#### Required work:
Keep the wording of every entry intact in your copy, and omit the pictures.
# # # #
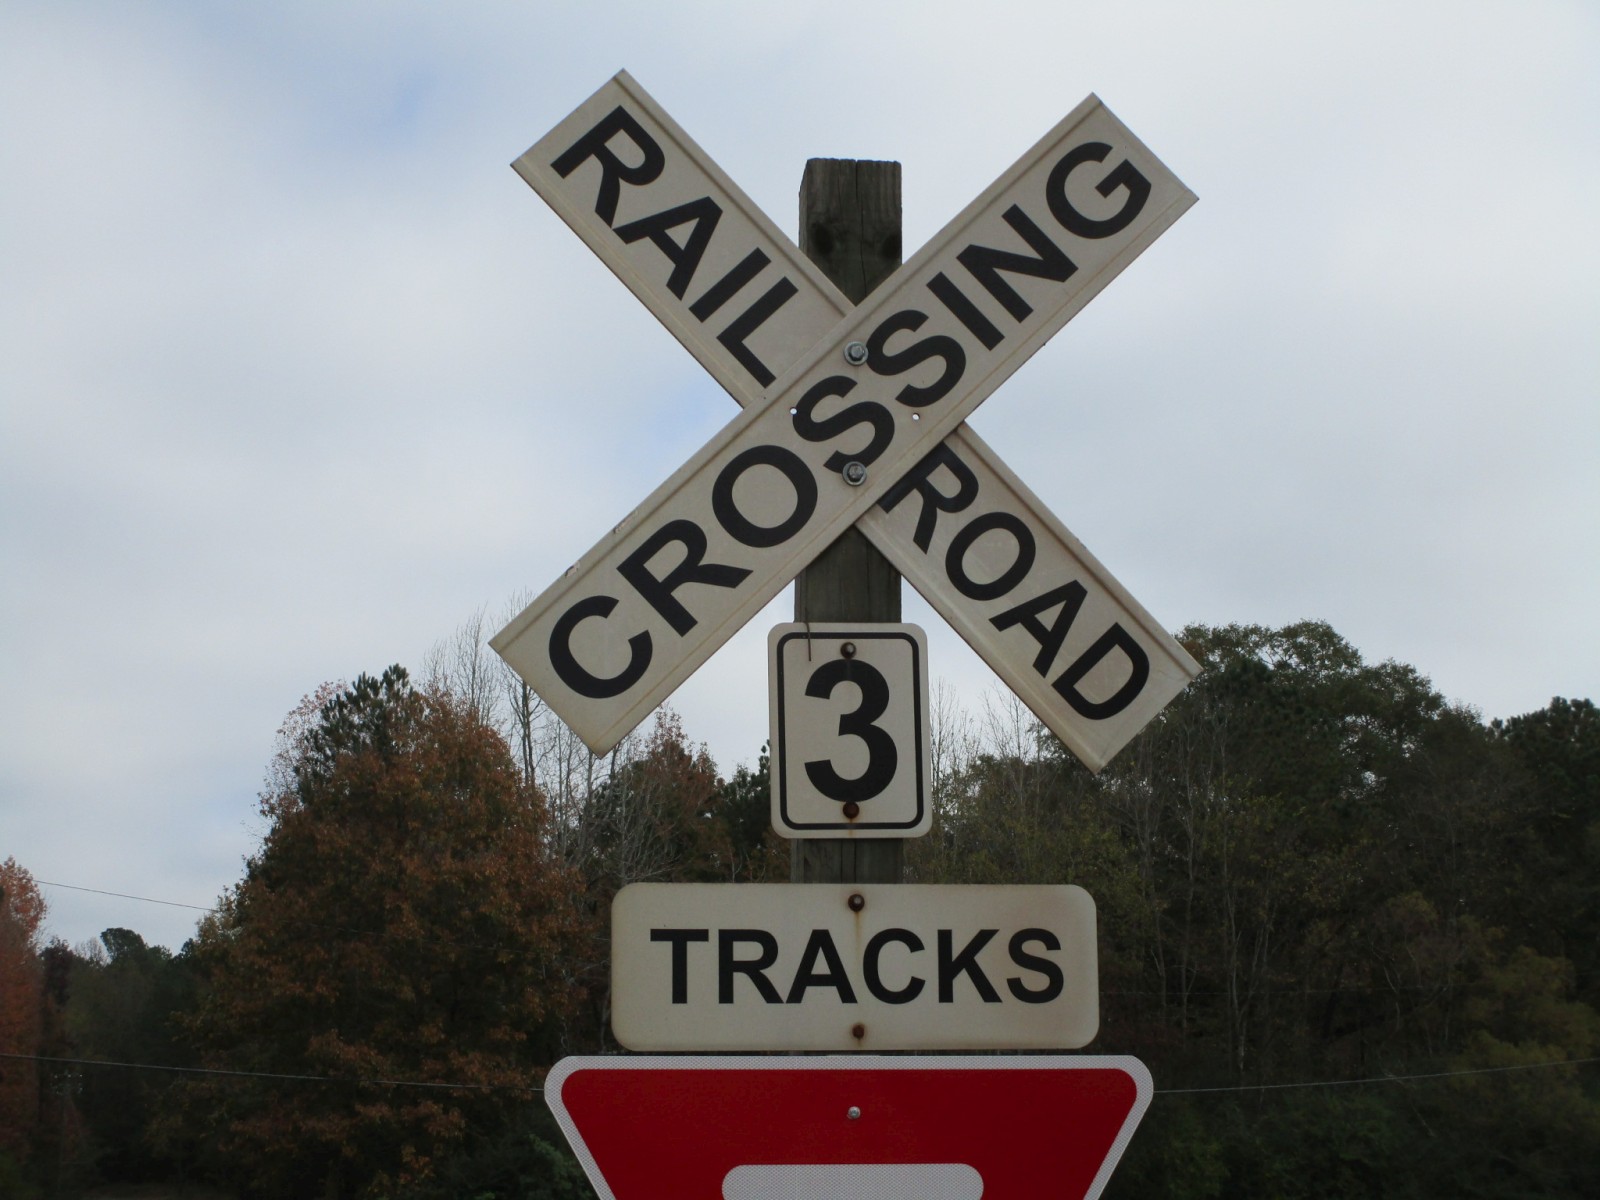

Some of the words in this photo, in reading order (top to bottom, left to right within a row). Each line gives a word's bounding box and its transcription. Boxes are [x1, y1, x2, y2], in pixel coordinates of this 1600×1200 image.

[548, 141, 1152, 699] CROSSING
[550, 105, 798, 388] RAIL
[876, 441, 1150, 720] ROAD
[804, 659, 898, 802] 3
[650, 927, 1065, 1005] TRACKS
# # # #
#### Response to the task:
Some of the words in this photo, in reading order (top to bottom, left to right within a row). Each line gives a word's bounding box and its transcription. Boxes are [x1, y1, x2, y2], in pixel coordinates of this 1600×1200 image.

[548, 141, 1152, 699] CROSSING
[550, 105, 798, 388] RAIL
[876, 441, 1150, 720] ROAD
[804, 659, 898, 802] 3
[650, 927, 1065, 1005] TRACKS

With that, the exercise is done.